The council approved a contract to consolidate the city's automatic-vehicle-locator (AVL) systems into one vendor; resident Reggie Braun warned telematics can expose detailed driver behavior and urged local data retention and stronger safeguards.

Mesa '0Jan. 26, 2026'0— The Mesa City Council unanimously approved a contract to consolidate multiple automatic-vehicle-locator (AVL) systems into a single vendor, part of an IT "application rationalization" effort to eliminate duplication and lower costs.

Scott Conn, the city's CIO and IT director, told council the move will reduce six separate AVL systems to one, improve fleet visibility on a single map and save money. "This will take all 6 down to a single vendor... It will be less expensive than what we currently pay the 6 vendors in total," Conn said.
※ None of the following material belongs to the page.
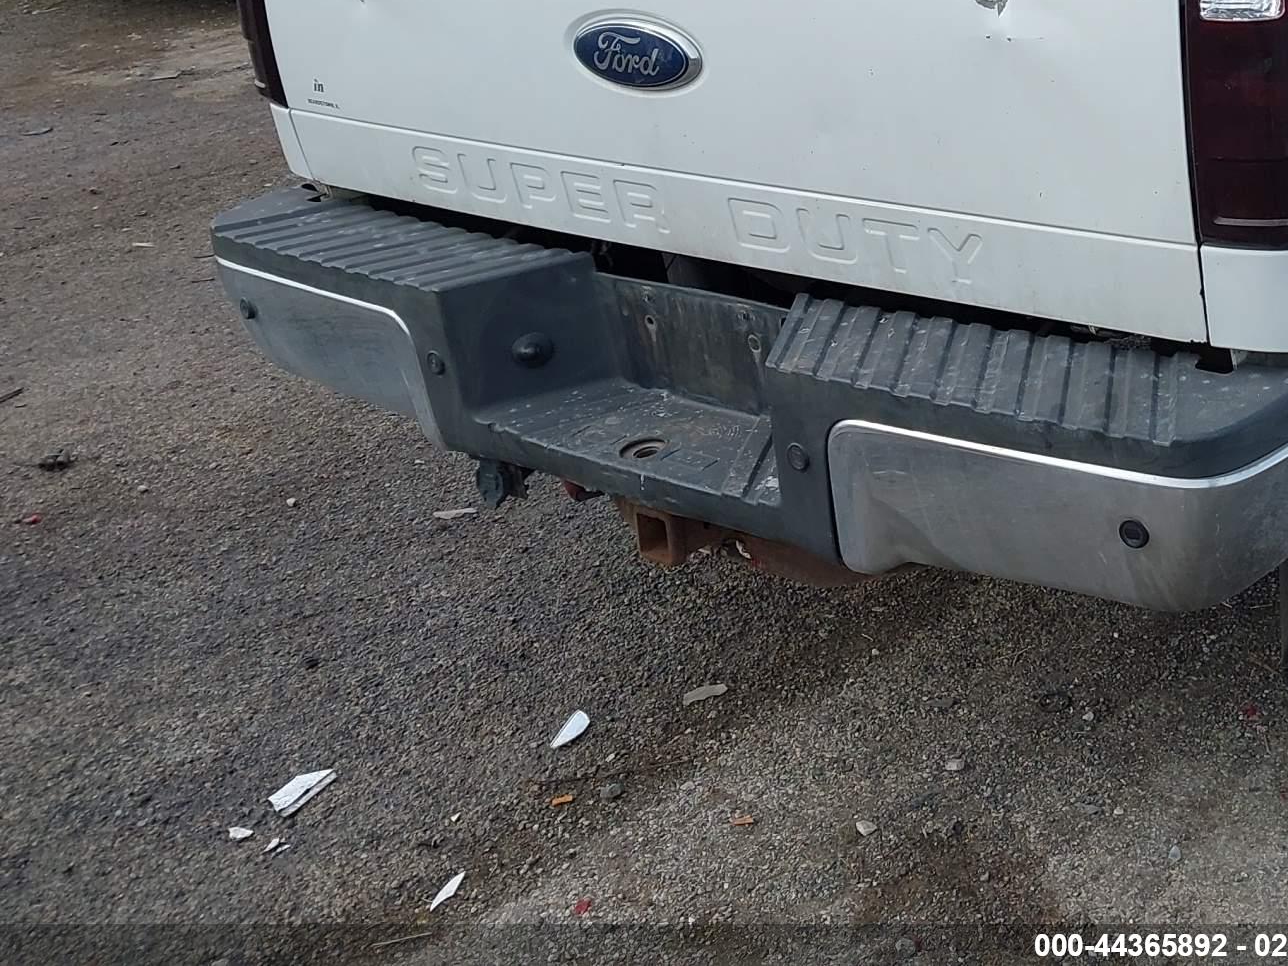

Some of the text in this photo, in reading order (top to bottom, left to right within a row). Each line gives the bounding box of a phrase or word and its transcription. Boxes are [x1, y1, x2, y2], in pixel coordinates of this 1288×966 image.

[593, 31, 660, 76] Ford
[411, 144, 984, 285] SUPER DUTY
Before the vote, resident Reggie Braun urged caution on telematics and artificial intelligence, warning that vendor-held vehicle data can include driving habits, eye-tracking and other sensitive signals that could be sold or used by insurers. "Keep our information safe on our own servers," Braun said during public comment, warning about data retention in cloud services.

Councilmembers and staff said the AVL contract covers city-owned fleet vehicles only and stressed the city can work with the IT office to answer specific privacy and retention questions. The council approved the AVL item without dissent and asked staff to connect the resident with CIO staff for follow-up.